The outcome of a test will evaluate the probability p that the statistics computed from the data samples be issued from complete chance as expressed by the null hypothesis. The investigator needs to fix a threshold on p a priori, above which H0 cannot be rejected, thereby corroborating H0. Tests are designed to be computed once from the data sample so that the error – called the type I error – consisting in accepting H0 while it is invalid stays below the predefined p-value.
If the same data sample is used several times for several tests, we multiply the chances that we commit a type I error. This is particularly critical when running tests on sensor or source amplitudes of an imaging model as the number of tests is on the order of 100 and even 10,000, respectively. In this latter case, a 5% error over 10,000 tests is likely to generate 500 occurrences of false positives by wrongly rejecting H0. This is obviously not desirable and this is the reason why this so-called family-wise error rate (FWER) should be kept under control.

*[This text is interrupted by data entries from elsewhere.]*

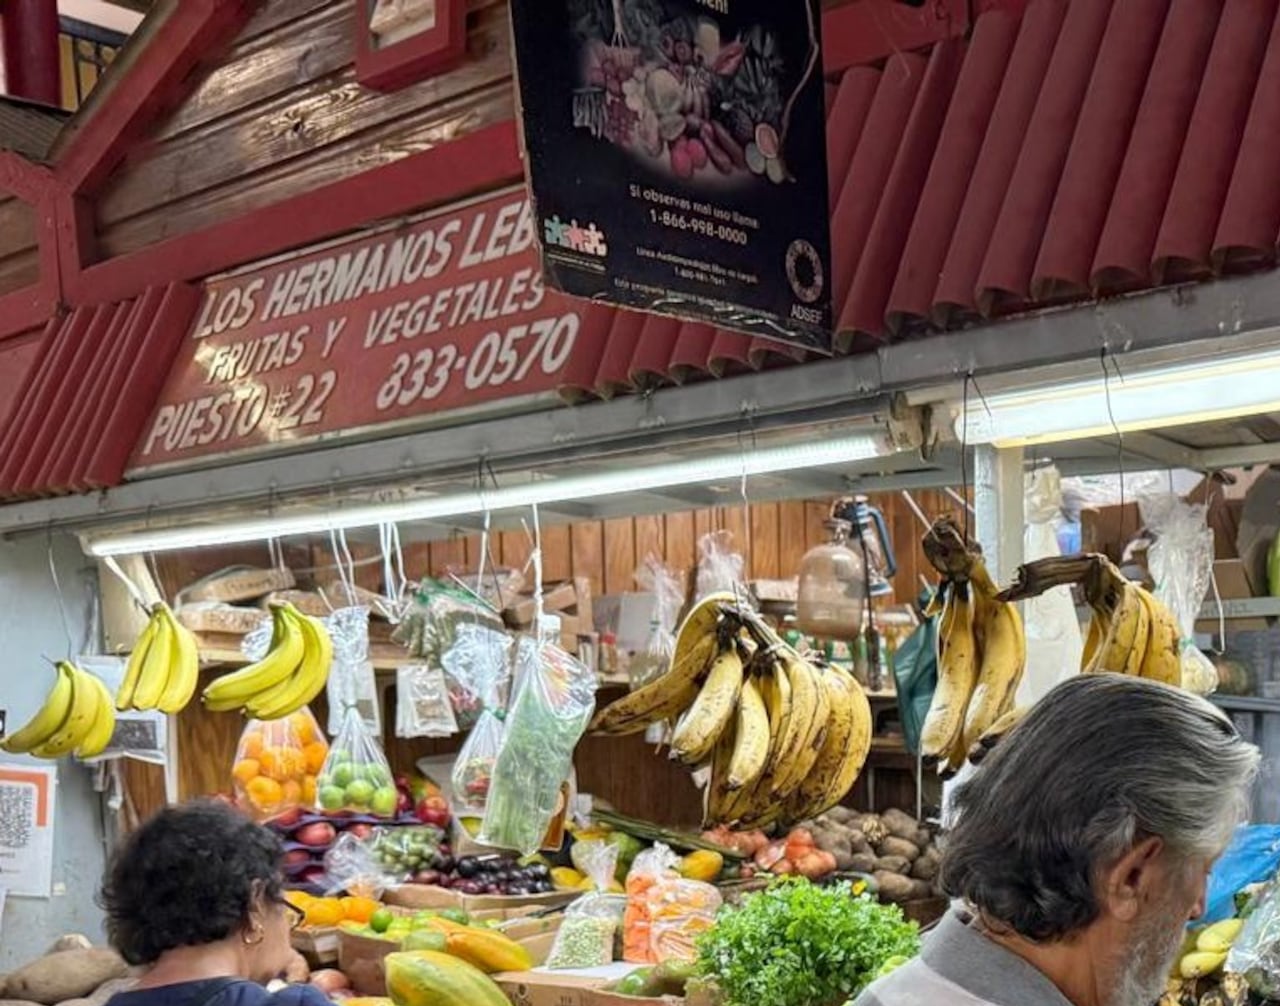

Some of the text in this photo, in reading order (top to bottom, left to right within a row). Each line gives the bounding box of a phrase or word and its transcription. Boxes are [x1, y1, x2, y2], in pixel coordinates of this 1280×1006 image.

[643, 188, 691, 211] observas
[693, 201, 712, 216] mal
[649, 208, 748, 245] 1-866-998-0000
[192, 278, 264, 340] LOS
[260, 218, 461, 322] HERMANOS
[206, 266, 545, 385] FRUTAS Y VEGETALES
[790, 303, 822, 325] ADSEF
[142, 383, 271, 456] PUESTO
[269, 369, 336, 430] #22
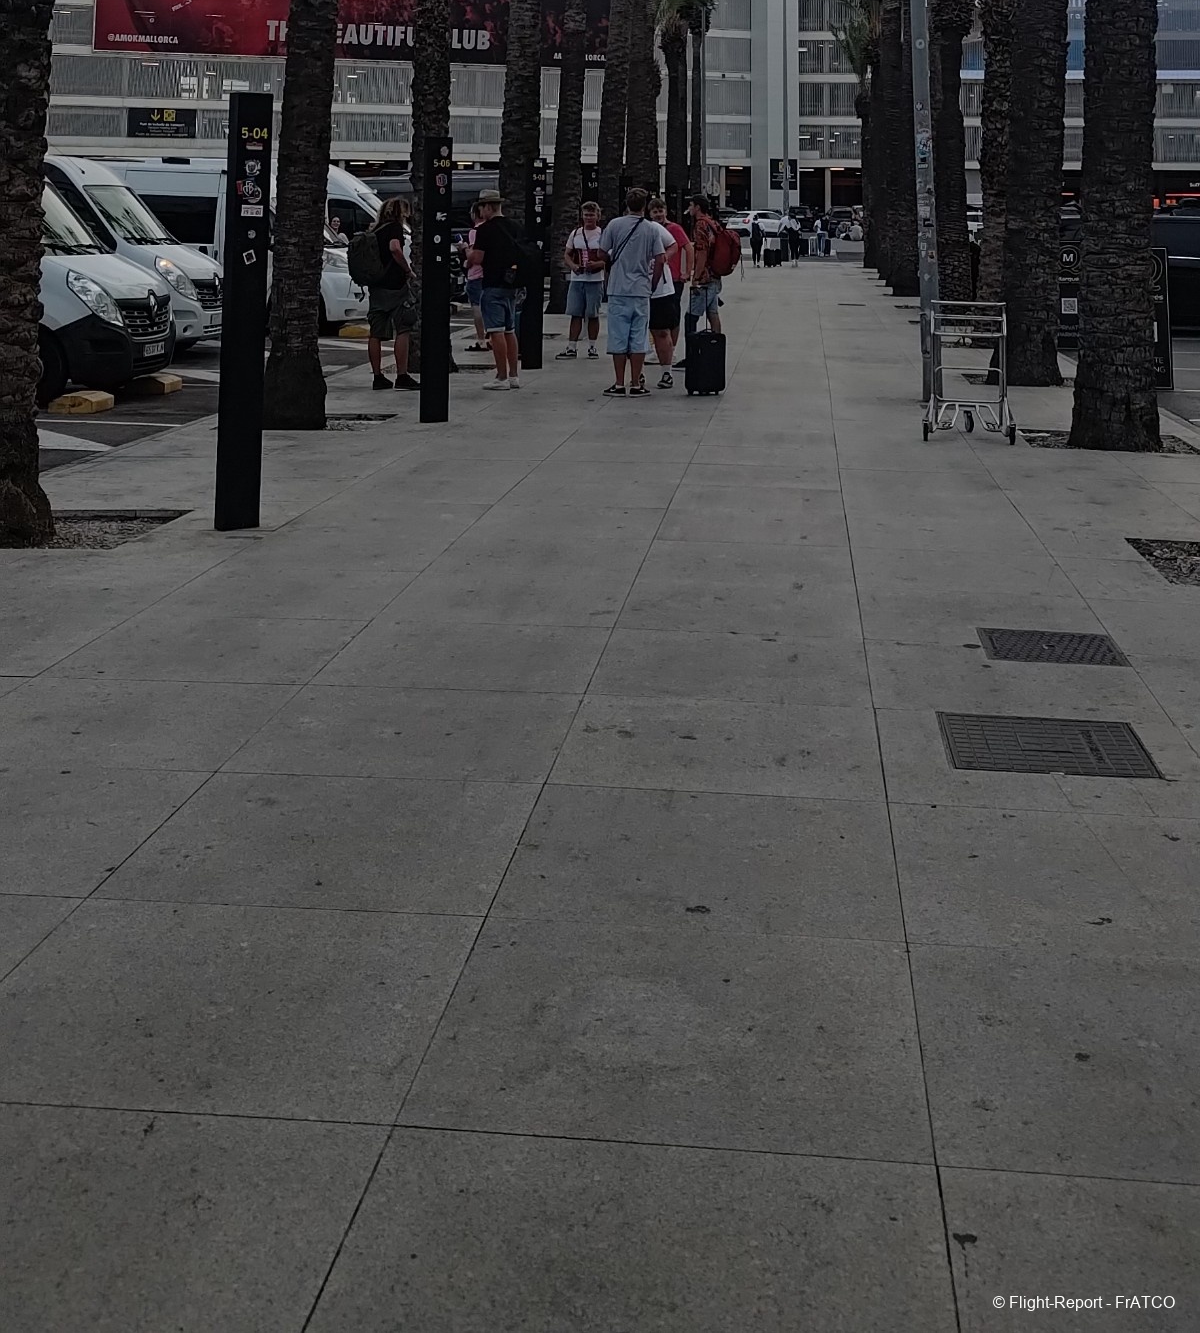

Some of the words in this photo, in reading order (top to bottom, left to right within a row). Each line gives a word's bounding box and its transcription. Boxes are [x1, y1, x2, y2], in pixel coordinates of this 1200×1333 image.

[107, 34, 179, 45] @AMOKMALLORCA
[451, 28, 490, 50] LUB
[241, 126, 269, 140] 5-04
[433, 158, 451, 168] 5-06
[1062, 253, 1074, 262] M

Parametric approaches to address this issue have been elaborated using the theory of random fields and have gained tremendous popularity through the SPM software (K. Friston et al.., 2007). These techniques have been extended to electromagnetic source imaging but are less robust to departure from normality than non-parametric solutions. The FWER in non parametric testing can be controlled by using e.g., the statistics of the maximum over the entire source image or topography at the sensor level (Pantazis et al.., 2005).

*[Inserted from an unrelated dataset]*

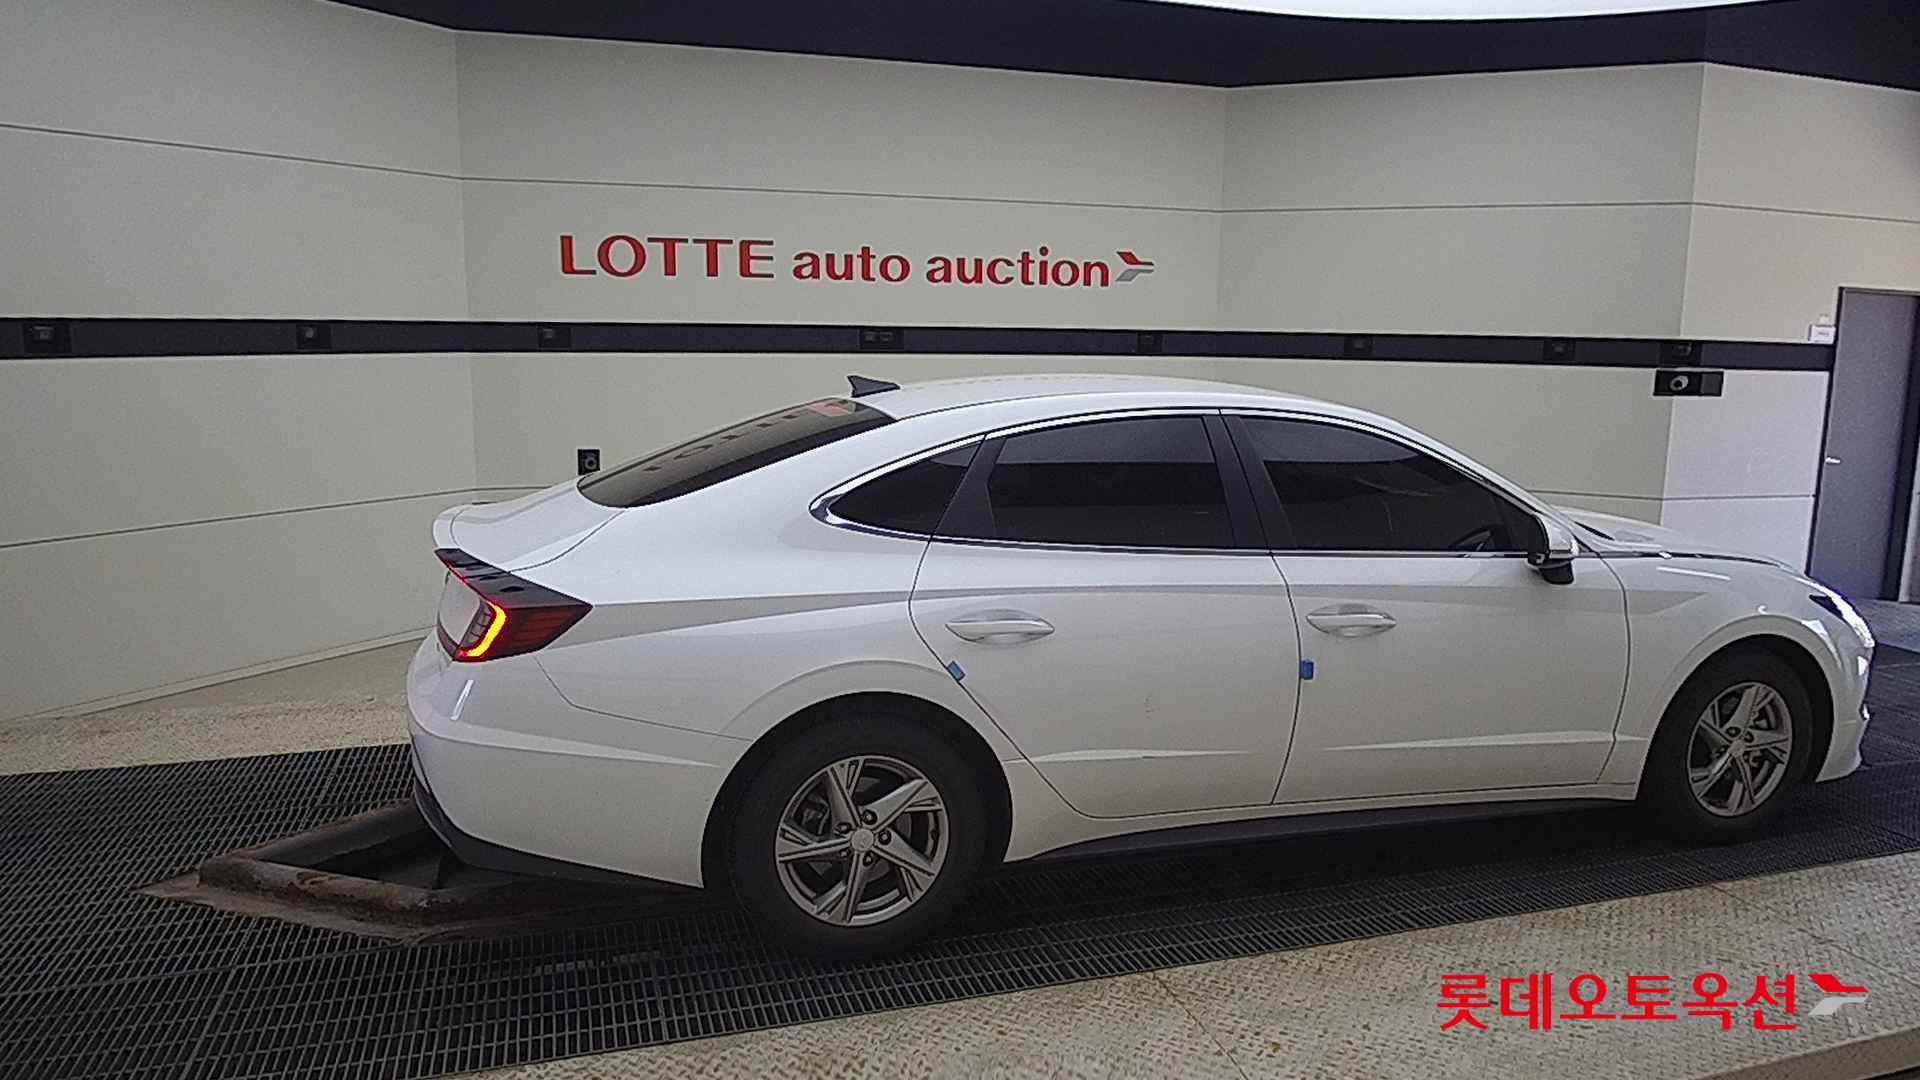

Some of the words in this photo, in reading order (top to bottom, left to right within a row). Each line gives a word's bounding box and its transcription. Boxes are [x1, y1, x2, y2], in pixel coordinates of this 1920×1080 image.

[560, 235, 774, 278] LOTTE
[793, 246, 911, 283] auto
[926, 247, 1110, 287] auction

The emergence of statistical inference solutions adapted to MEG/EEG has brought electromagnetic source localization and imaging to a considerable degree of maturity that is quite comparable to other neuroimaging techniques . Most software solutions now integrate sound solutions to statistical inference for MEG and EEG data, and this is a field that is still growing rapidly.

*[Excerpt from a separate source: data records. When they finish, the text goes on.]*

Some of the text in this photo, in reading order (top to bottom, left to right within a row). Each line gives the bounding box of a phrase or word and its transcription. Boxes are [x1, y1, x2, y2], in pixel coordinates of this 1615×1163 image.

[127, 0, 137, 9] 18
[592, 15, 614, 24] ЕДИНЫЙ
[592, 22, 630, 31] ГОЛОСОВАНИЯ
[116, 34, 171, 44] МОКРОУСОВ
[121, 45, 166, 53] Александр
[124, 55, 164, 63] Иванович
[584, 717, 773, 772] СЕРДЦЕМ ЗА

MEG functional connectivity and statistical inference at the group level illustrated: Jerbi et al. (2007) have revealed a cortical functional network involved in hand movement coordination at low frequency (4Hz). The statistical group inference first consisted on fitting for each trial in the experiment, a distributed source model constrained to the individual anatomy of each of the 14 subjects involved. The brain area with maximum coherent activation with instantaneous hand speed was identified within the contralateral sensorimotor area (white dot). The traces at the top illustrate excellent coherence in the [3,5]Hz range between these measurements (hand speed in green and M1 motor activity in blue). Secondly, the search for brain areas with activity in significant coherence with M1 revealed a larger distributed network of regions. All subjects were coregistered to a brain surface template in Talairach normalized space with the corresponding activations interpolated onto the template surface. A non-parametric t-test contrast was completed using permutations between rest and task conditions (p<0.01).